*TASK*
Would you please write out each entry that follows, exactly as written?

*INPUT DATA*
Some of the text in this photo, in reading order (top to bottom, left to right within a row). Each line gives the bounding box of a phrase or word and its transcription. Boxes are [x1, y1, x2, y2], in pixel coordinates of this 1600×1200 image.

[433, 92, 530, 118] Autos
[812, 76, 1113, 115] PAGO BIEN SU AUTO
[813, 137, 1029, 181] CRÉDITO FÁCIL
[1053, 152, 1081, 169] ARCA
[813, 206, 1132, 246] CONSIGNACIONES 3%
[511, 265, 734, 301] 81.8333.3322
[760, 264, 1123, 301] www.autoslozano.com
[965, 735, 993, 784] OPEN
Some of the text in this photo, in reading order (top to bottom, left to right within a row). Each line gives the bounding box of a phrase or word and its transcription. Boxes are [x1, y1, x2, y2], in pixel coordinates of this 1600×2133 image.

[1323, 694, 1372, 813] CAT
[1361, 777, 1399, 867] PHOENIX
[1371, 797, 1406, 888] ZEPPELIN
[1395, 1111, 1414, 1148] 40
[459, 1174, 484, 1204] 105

*RESULT OF THE TASK*
Some of the text in this photo, in reading order (top to bottom, left to right within a row). Each line gives the bounding box of a phrase or word and its transcription. Boxes are [x1, y1, x2, y2], in pixel coordinates of this 1600×1200 image.

[433, 92, 530, 118] Autos
[812, 76, 1113, 115] PAGO BIEN SU AUTO
[813, 137, 1029, 181] CRÉDITO FÁCIL
[1053, 152, 1081, 169] ARCA
[813, 206, 1132, 246] CONSIGNACIONES 3%
[511, 265, 734, 301] 81.8333.3322
[760, 264, 1123, 301] www.autoslozano.com
[965, 735, 993, 784] OPEN
Some of the text in this photo, in reading order (top to bottom, left to right within a row). Each line gives the bounding box of a phrase or word and its transcription. Boxes are [x1, y1, x2, y2], in pixel coordinates of this 1600×2133 image.

[1323, 694, 1372, 813] CAT
[1361, 777, 1399, 867] PHOENIX
[1371, 797, 1406, 888] ZEPPELIN
[1395, 1111, 1414, 1148] 40
[459, 1174, 484, 1204] 105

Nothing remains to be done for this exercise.